Employers have historically monitored employees’ hours by using traditional methods such as timesheets, but with working from home increasing during the pandemic, we ask:

Is it legal for an employer to use apps and IT software and what considerations are necessary?

Most employers are aware of the 48-hour limit on average weekly working time under the Working Time Regulations 1998 (WTR). There are ways to opt out of the WTR but there are also penalties for non-compliance. Employers have a legal obligation to monitor an employee’s hours worked and, if they don’t, they could face potentially unlimited fines in the criminal courts.

An employer must take all reasonable steps to ensure this WTR limit is complied with. This extends to keeping a record of those hours worked for two years. However, employers must be careful if they ask employees to download apps on their personal phones or computers, with employees worried that their every move may be monitored or private data accessed.

Under the Human Rights Act 1998 (HRA), the Data Protection Act 2018 (DPA) and the General Data Protection Regulation (UK GDPR), any monitoring of employees and processing of personal data is highly regulated. This includes, under the HRA, the right to respect for private and family life and correspondence.

In line with these principles, an employee should be made aware of (a) what data is being collected (b) how it is being processed and (c) the data collection should go no further than is necessary for the purposes intended.

Under the UK GDPR, employers are required to undertake data protection impact assessments (DPIAs) to evaluate the necessity and proportionality of planned data processing.
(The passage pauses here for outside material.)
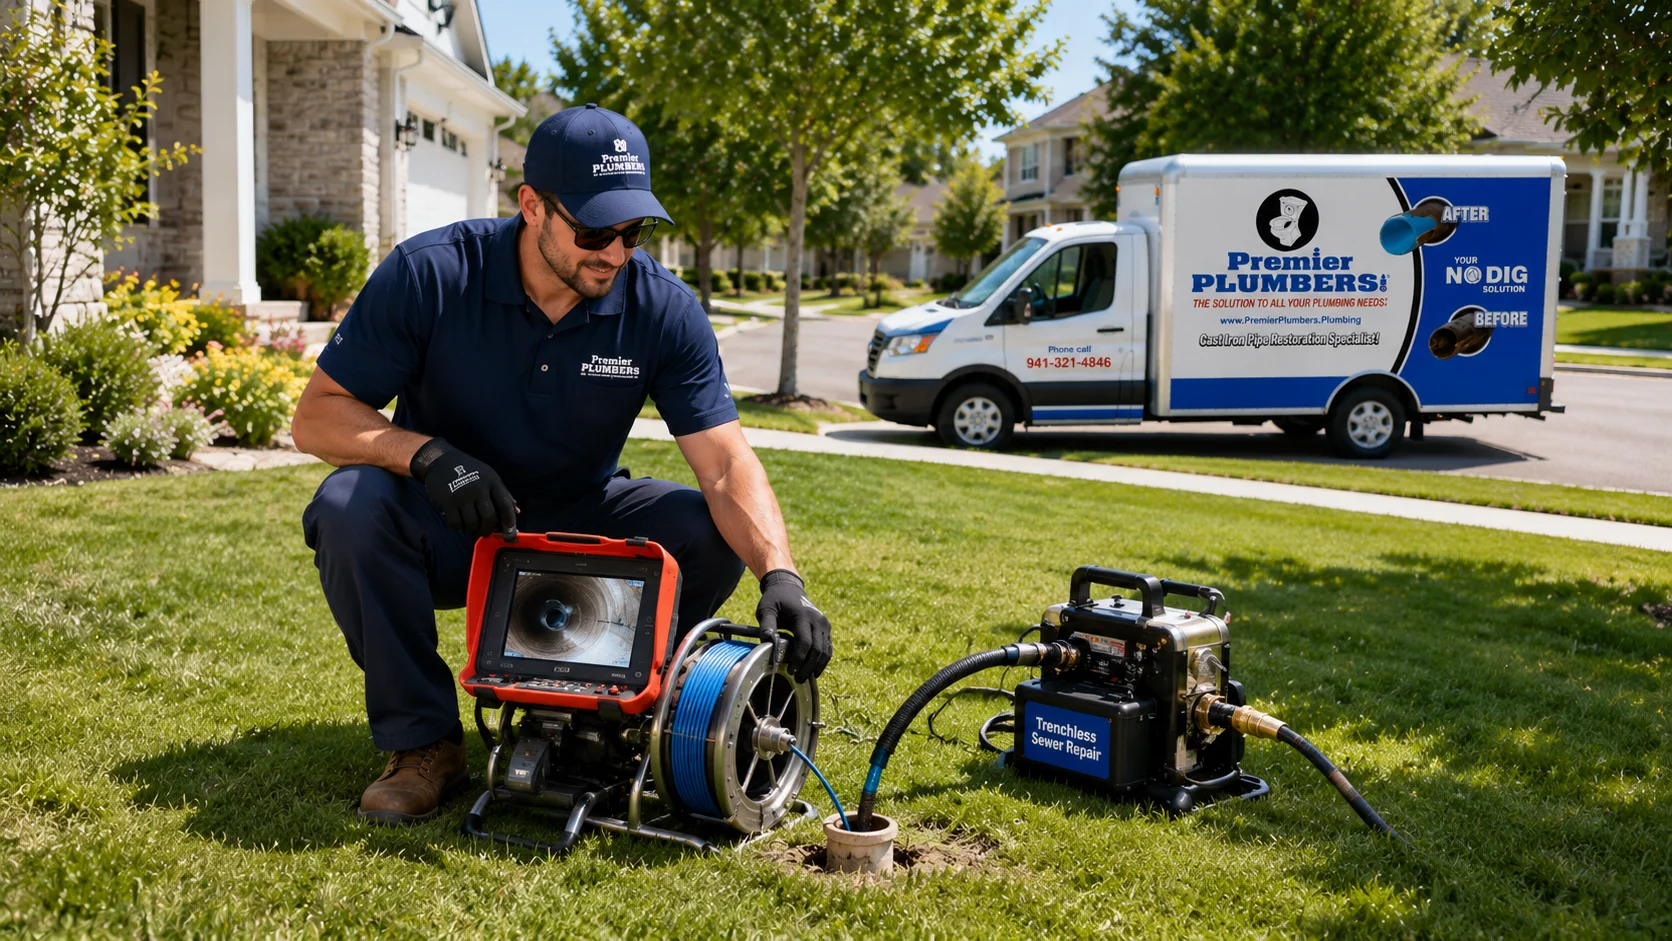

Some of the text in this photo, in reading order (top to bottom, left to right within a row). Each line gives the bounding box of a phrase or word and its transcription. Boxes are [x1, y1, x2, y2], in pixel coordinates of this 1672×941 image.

The same legal principles apply to monitoring the productivity of your workforce. A business needs to ensure it remains productive and appraisals have traditionally been used for this purpose. Electronic monitoring may now be used instead as a modern form of appraisal.

However, given the potentially more intrusive nature of this monitoring, employees must have a clear understanding of (a) what is being monitored (b) why it is being monitored (c) how the information will be used and (d) who it might be disclosed to.

Overall, if an employer can show (a) it has carried out an impact assessment (b) the data it is collecting is for a legitimate purpose (c) is limited to what is necessary for this purpose and (d) it has informed consent, then apps and monitoring software should be perfectly legal.